[Supplied records Boundary: Start]

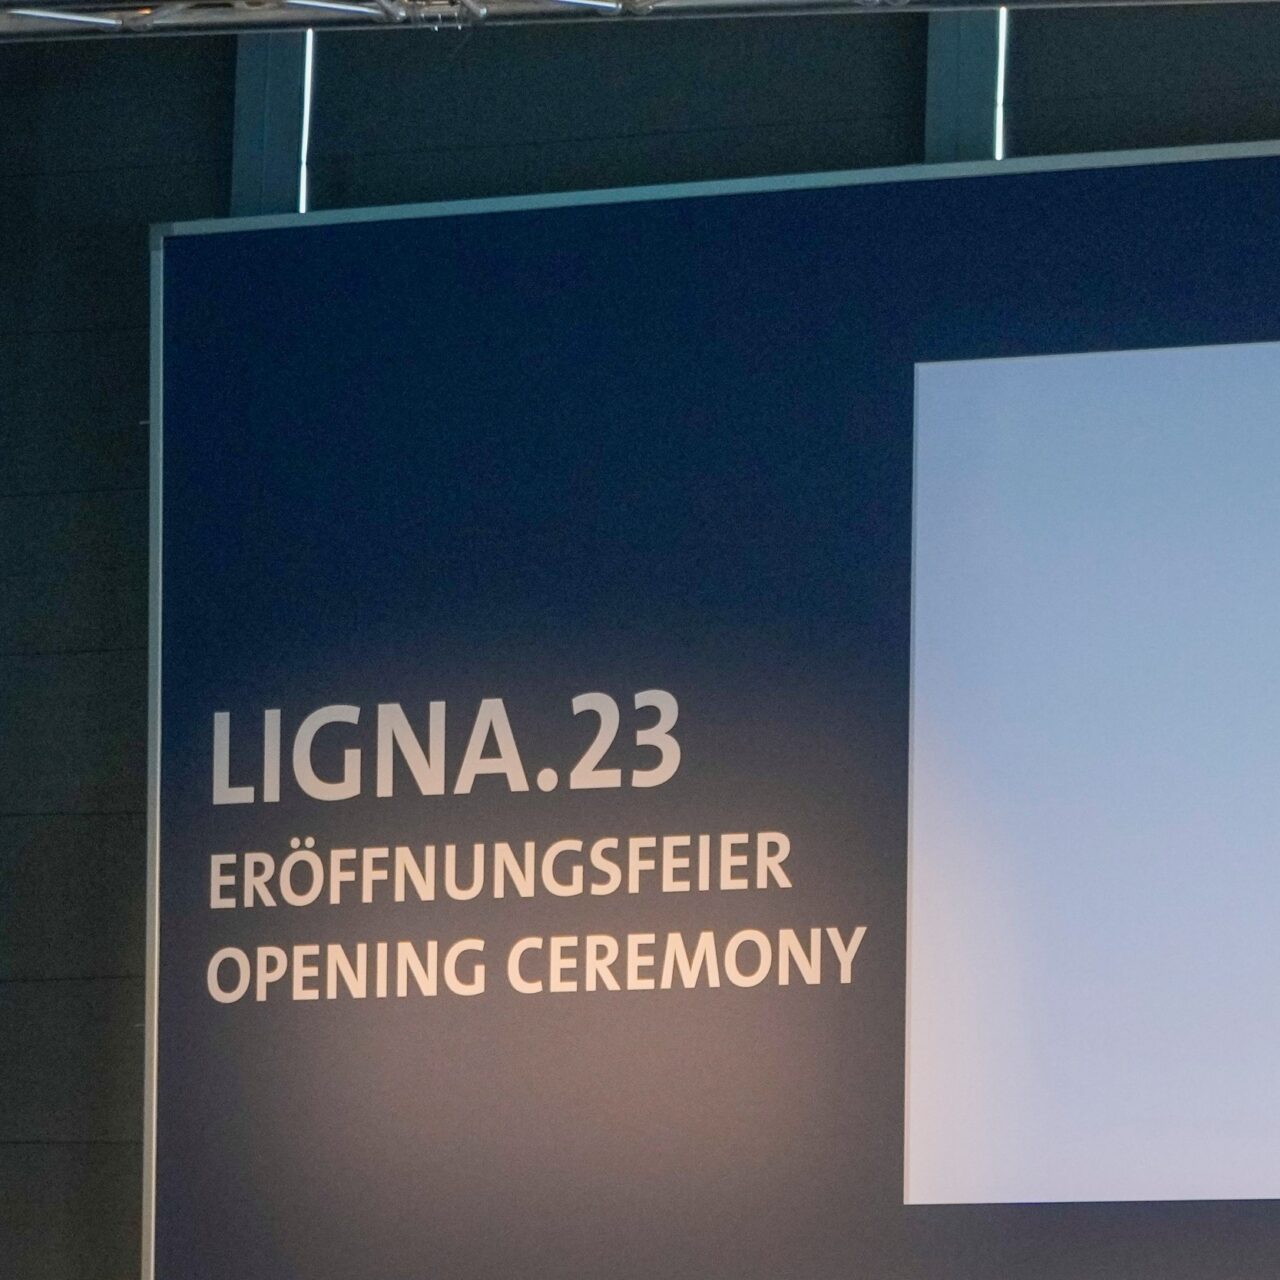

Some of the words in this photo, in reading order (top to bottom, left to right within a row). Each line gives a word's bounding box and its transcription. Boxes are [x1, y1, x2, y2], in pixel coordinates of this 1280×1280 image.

[213, 690, 680, 804] LIGNA.23
[210, 832, 792, 909] ERÖFFNUNGSFEIER
[207, 938, 486, 1004] OPENING
[507, 926, 868, 995] CEREMONY
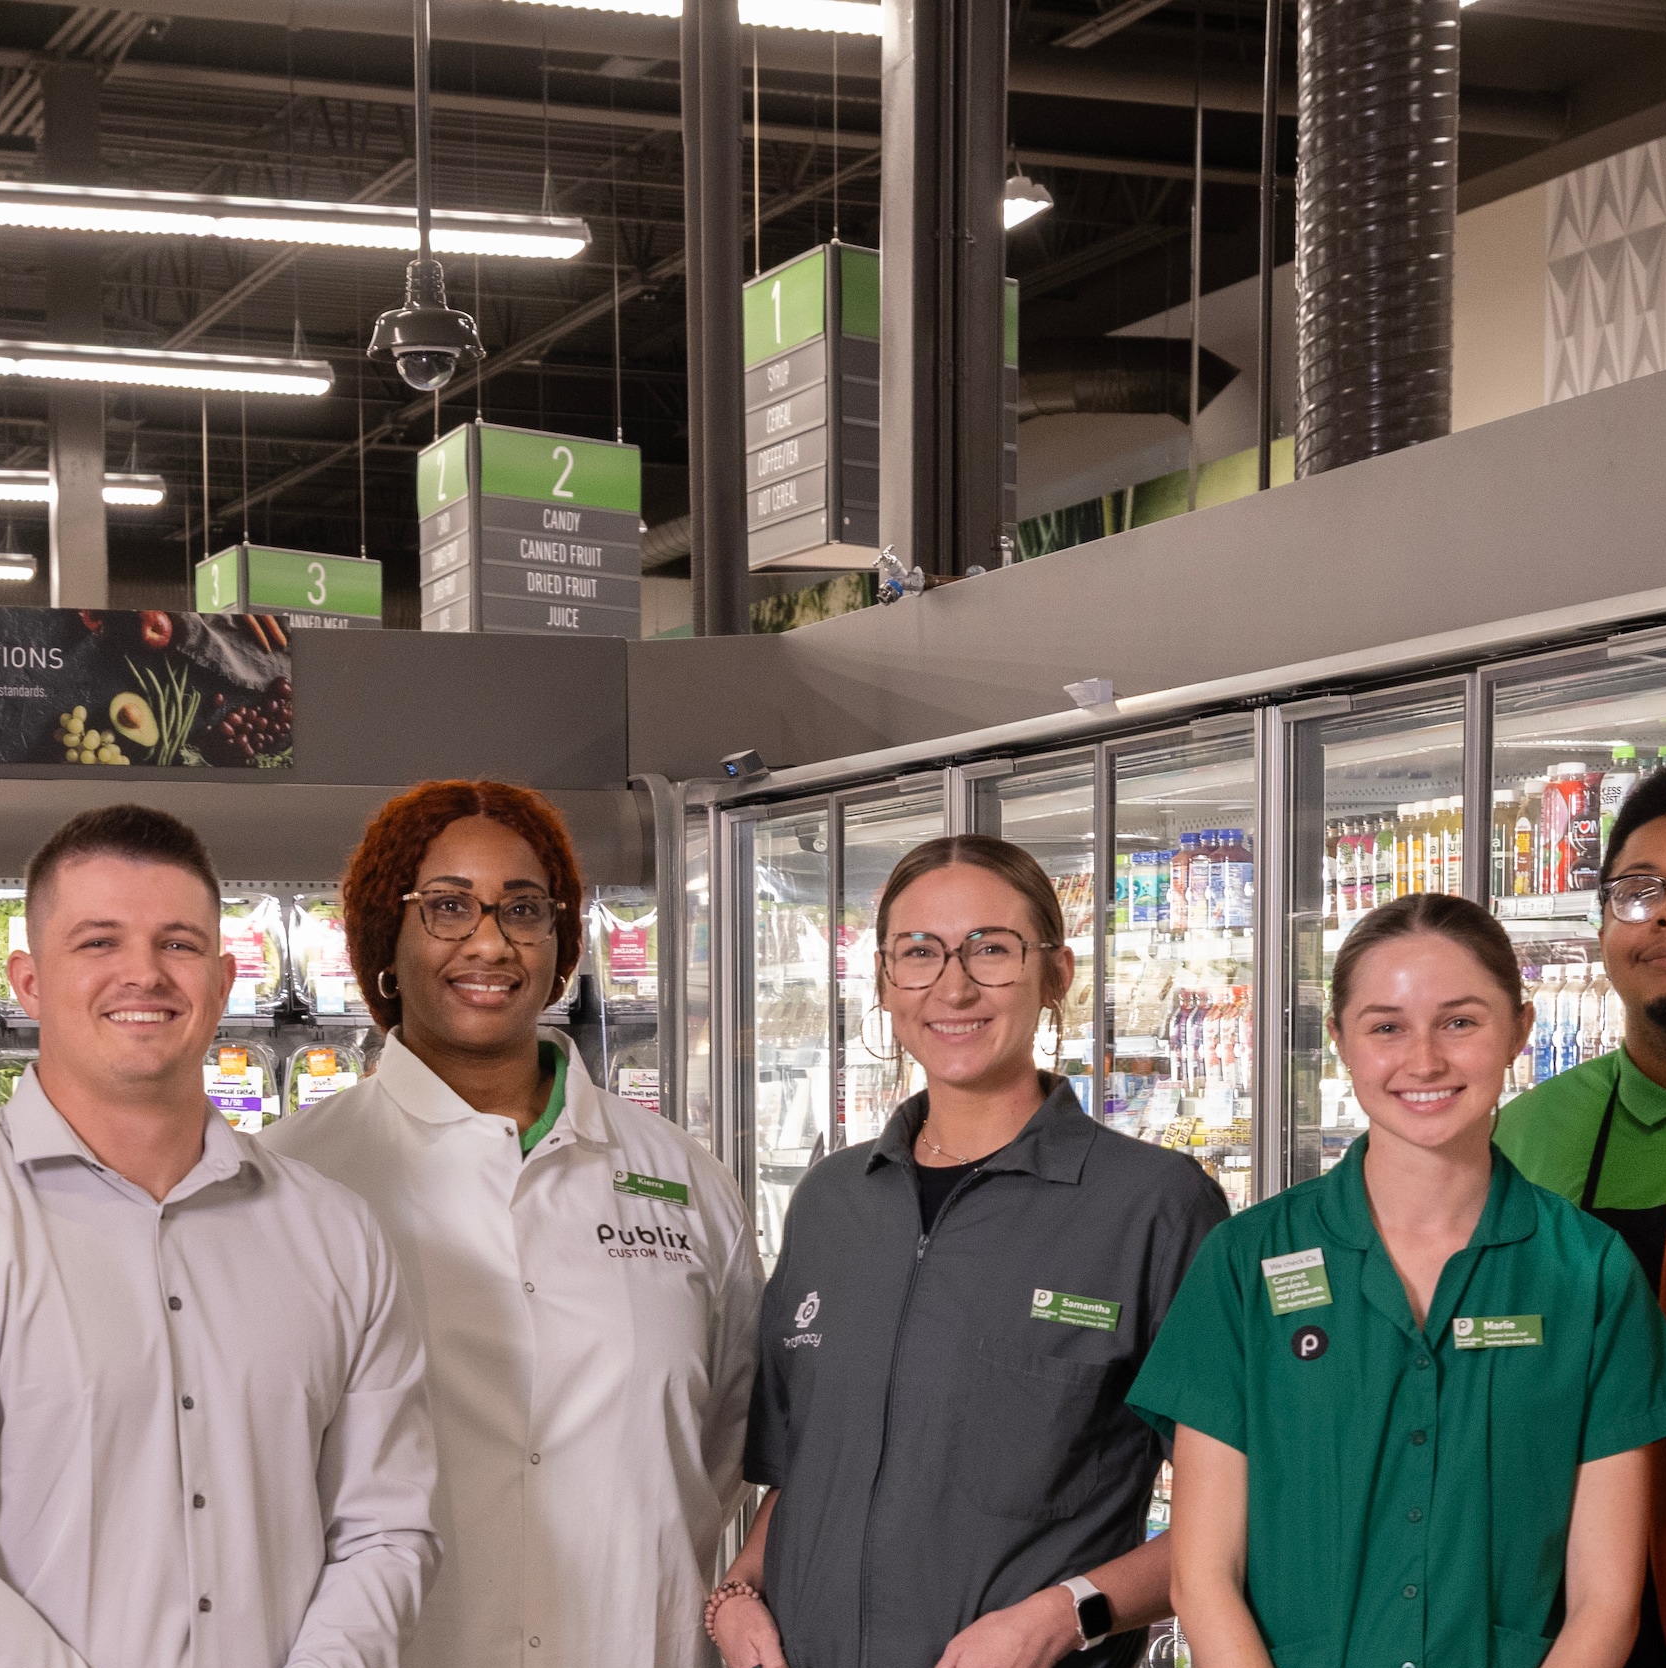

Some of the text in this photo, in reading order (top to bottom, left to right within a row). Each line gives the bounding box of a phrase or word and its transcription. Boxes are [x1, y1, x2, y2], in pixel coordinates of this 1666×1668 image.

[771, 280, 781, 343] 1
[766, 402, 791, 434] CEREAL
[552, 445, 574, 498] 2
[758, 440, 799, 477] COFFEE/TEA
[436, 449, 446, 501] 2
[773, 480, 797, 511] CEREAL
[543, 508, 581, 533] CANDY
[520, 538, 602, 568] CANNED FRUIT
[211, 563, 219, 607] 3
[307, 562, 327, 605] 3
[527, 571, 597, 598] DRIED FRUIT
[546, 605, 579, 629] JUICE
[637, 1177, 664, 1189] Kierra
[597, 1224, 692, 1250] Publix
[608, 1249, 692, 1264] CUSTOM CUTS
[1272, 1272, 1307, 1285] Carryout
[1274, 1282, 1302, 1293] service
[1062, 1298, 1111, 1314] Samantha
[1483, 1320, 1515, 1331] Marlie
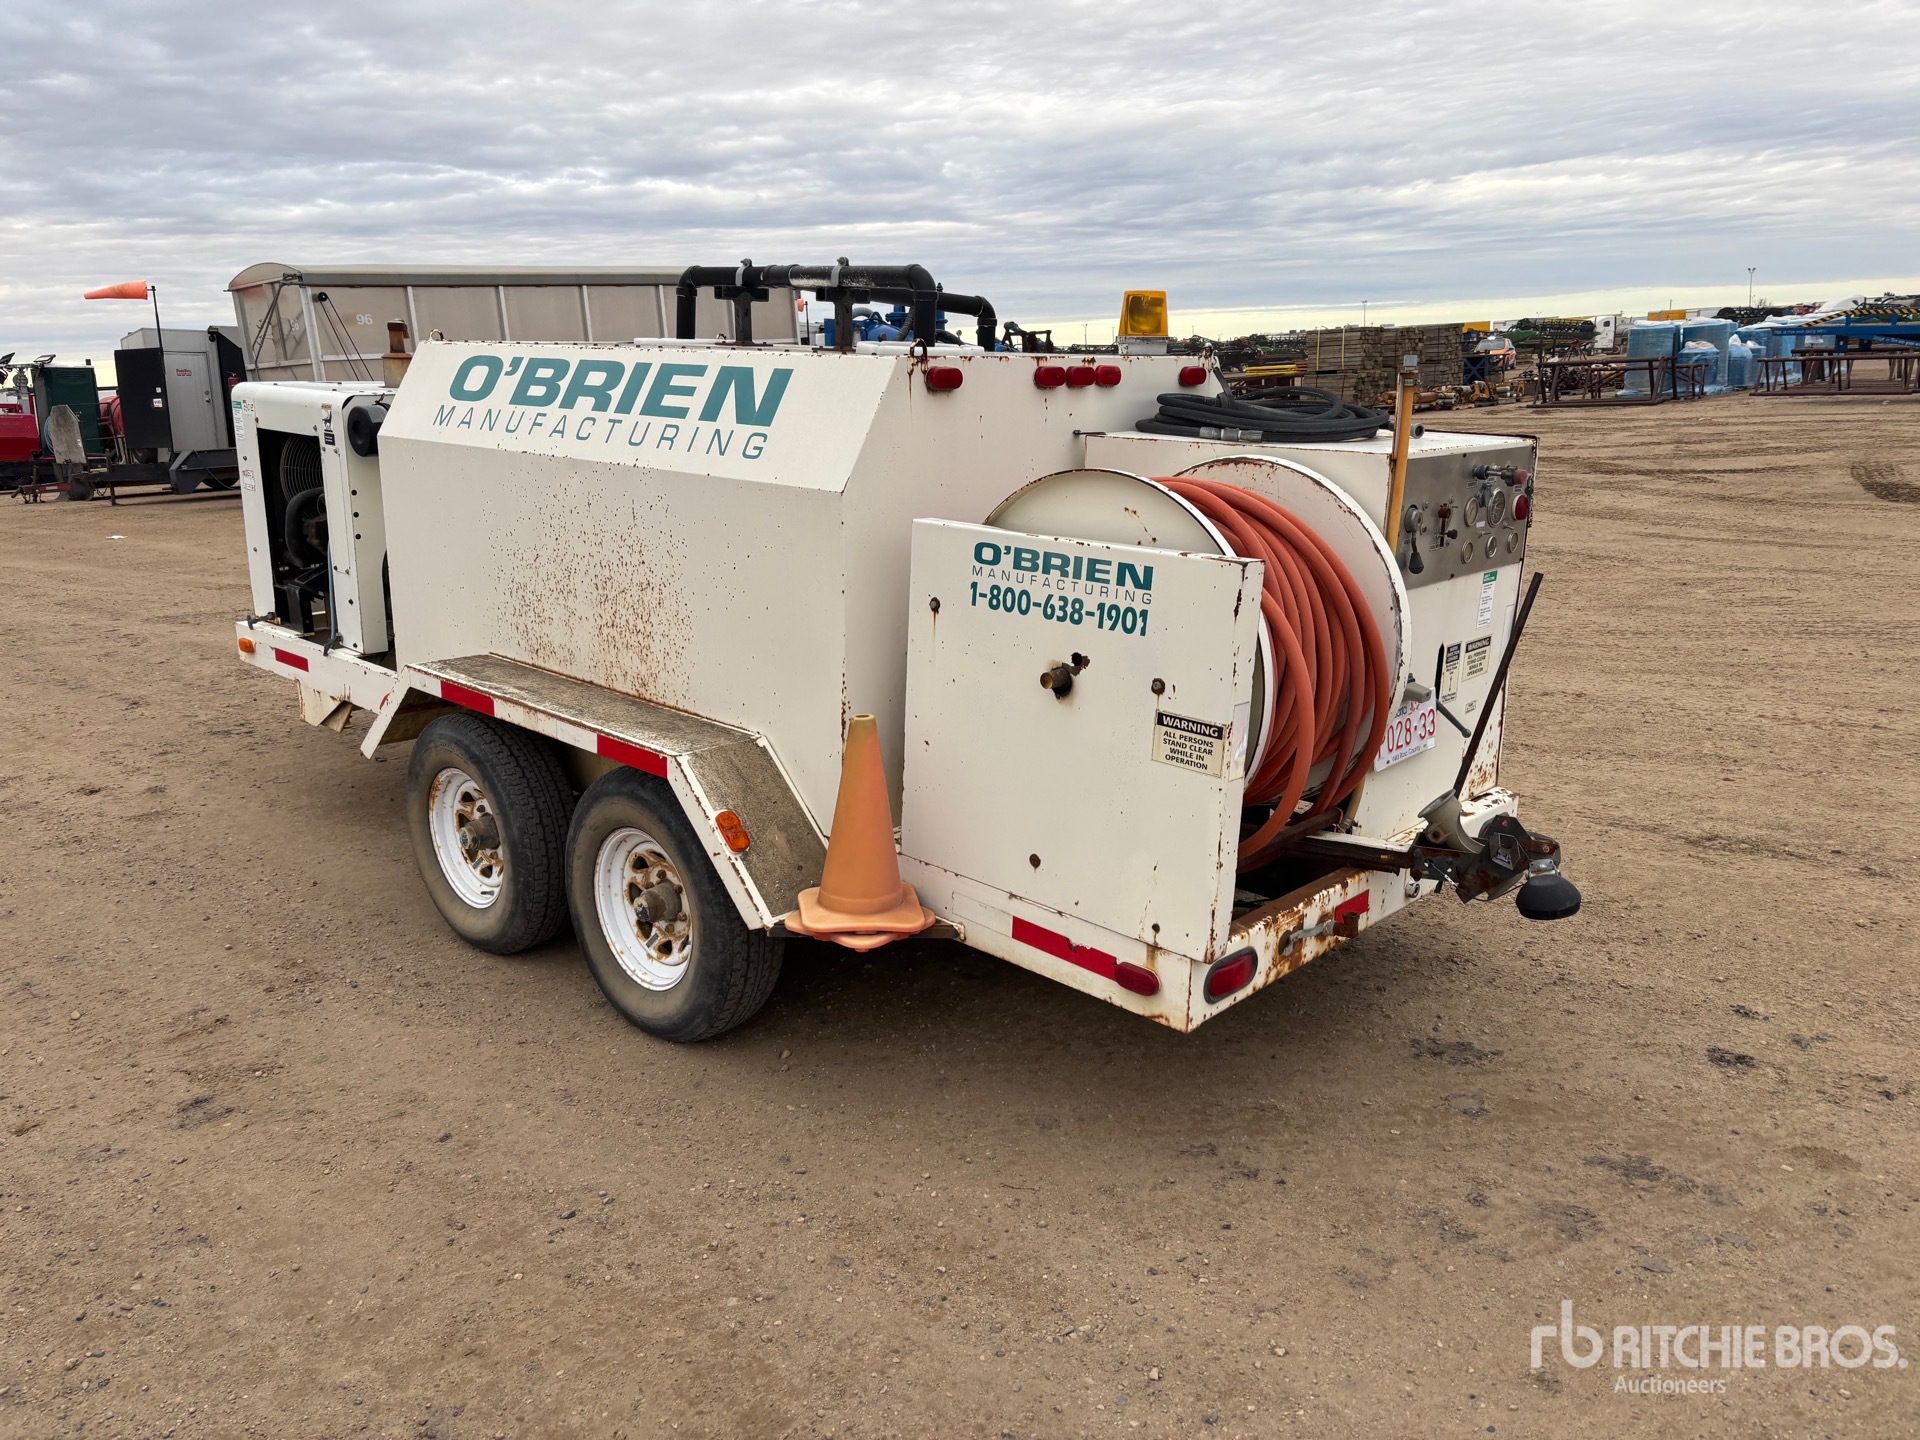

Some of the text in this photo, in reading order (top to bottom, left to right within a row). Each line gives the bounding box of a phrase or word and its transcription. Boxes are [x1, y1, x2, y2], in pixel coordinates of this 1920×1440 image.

[Supplied records Boundary: End]

Everything in the listing above must be restated word for word, except the images.

Written response
Some of the words in this photo, in reading order (top to bottom, left to right within a row). Each line gives a word's bounding box and its transcription. Boxes are [x1, y1, x2, y2], in pixel coordinates of this 1280×1280 image.

[213, 690, 680, 804] LIGNA.23
[210, 832, 792, 909] ERÖFFNUNGSFEIER
[207, 938, 486, 1004] OPENING
[507, 926, 868, 995] CEREMONY

Some of the text in this photo, in reading order (top to bottom, left to right within a row). Each line gives the bounding box of a phrase or word and its transcription. Boxes are [x1, y1, x2, y2], in pixel coordinates of this 1666×1668 image.

[771, 280, 781, 343] 1
[766, 402, 791, 434] CEREAL
[552, 445, 574, 498] 2
[758, 440, 799, 477] COFFEE/TEA
[436, 449, 446, 501] 2
[773, 480, 797, 511] CEREAL
[543, 508, 581, 533] CANDY
[520, 538, 602, 568] CANNED FRUIT
[211, 563, 219, 607] 3
[307, 562, 327, 605] 3
[527, 571, 597, 598] DRIED FRUIT
[546, 605, 579, 629] JUICE
[637, 1177, 664, 1189] Kierra
[597, 1224, 692, 1250] Publix
[608, 1249, 692, 1264] CUSTOM CUTS
[1272, 1272, 1307, 1285] Carryout
[1274, 1282, 1302, 1293] service
[1062, 1298, 1111, 1314] Samantha
[1483, 1320, 1515, 1331] Marlie

Some of the text in this photo, in reading order (top to bottom, left to right within a row). Each line gives the bounding box of a phrase or word and its transcription. Boxes are [x1, y1, x2, y2], in pixel coordinates of this 1920×1440 image.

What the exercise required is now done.